Science Fair Project Encyclopedia
Dayton is located at 35°29'34" North, 85°0'47" West (35.492840, -85.013000)1.
As of the census2 of 2000, there are 6,180 people, 2,323 households, and 1,558 families residing in the city. The population density is 389.3/km² (1,007.9/mi²). There are 2,492 housing units at an average density of 157.0/km² (406.4/mi²). The racial makeup of the city is 90.70% White, 5.26% African American, 0.23% Native American, 0.73% Asian, 0.03% Pacific Islander, 1.75% from other races, and 1.31% from two or more races. 3.12% of the population are Hispanic or Latino of any race.

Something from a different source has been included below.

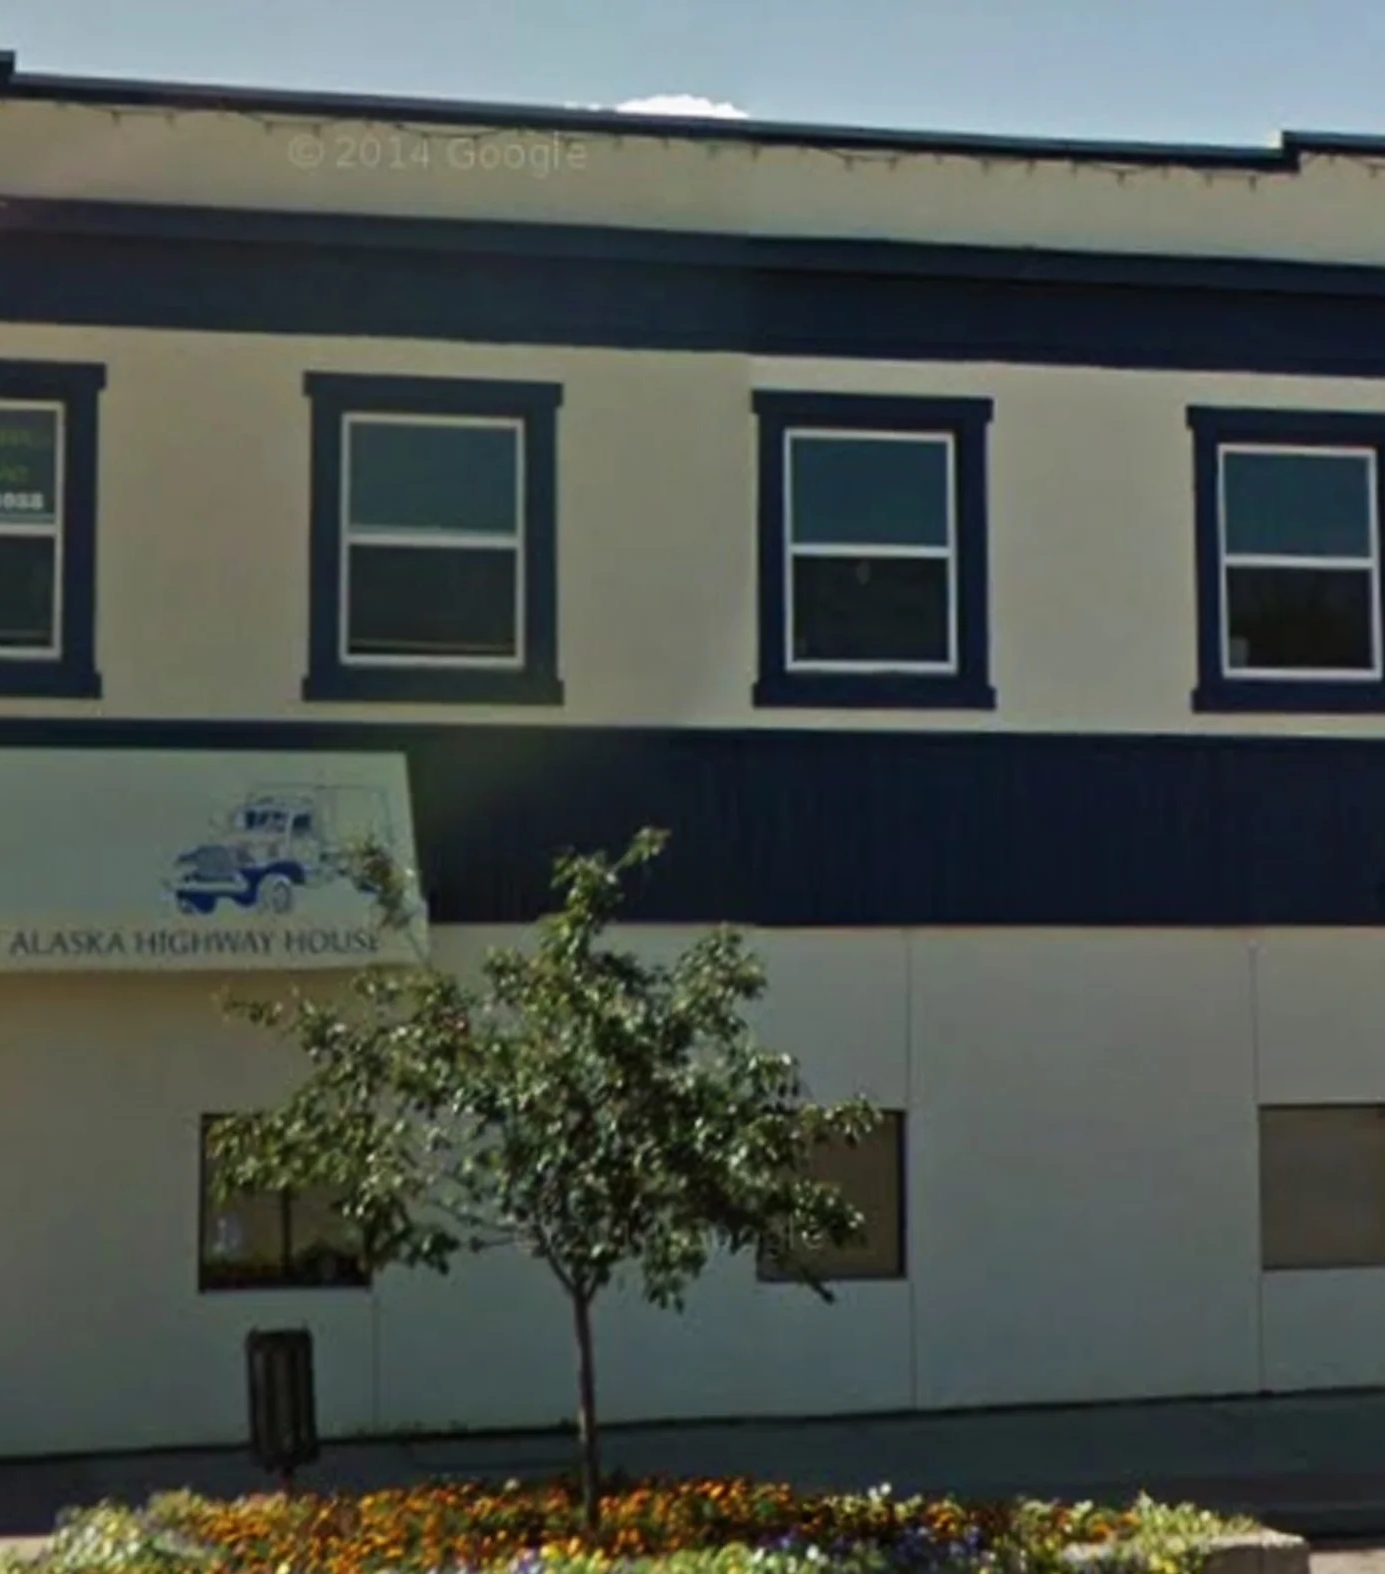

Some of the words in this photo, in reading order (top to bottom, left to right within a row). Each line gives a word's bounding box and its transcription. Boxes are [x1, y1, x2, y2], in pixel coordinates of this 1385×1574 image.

[9, 929, 125, 957] ALASKA
[134, 928, 274, 957] HIGHWAY
[285, 928, 381, 953] HOUSE

There are 2,323 households out of which 31.5% have children under the age of 18 living with them, 47.7% are married couples living together, 15.3% have a female householder with no husband present, and 32.9% are non-families. 29.2% of all households are made up of individuals and 12.9% have someone living alone who is 65 years of age or older. The average household size is 2.40 and the average family size is 2.95.
In the city the population is spread out with 23.5% under the age of 18, 16.0% from 18 to 24, 25.4% from 25 to 44, 20.8% from 45 to 64, and 14.3% who are 65 years of age or older. The median age is 34 years. For every 100 females there are 86.8 males. For every 100 females age 18 and over, there are 82.4 males.
The median income for a household in the city is $26,542, and the median income for a family is $33,149. Males have a median income of $30,521 versus $22,144 for females. The per capita income for the city is $15,946. 16.9% of the population and 13.4% of families are below the poverty line. Out of the total population, 24.0% of those under the age of 18 and 16.6% of those 65 and older are living below the poverty line.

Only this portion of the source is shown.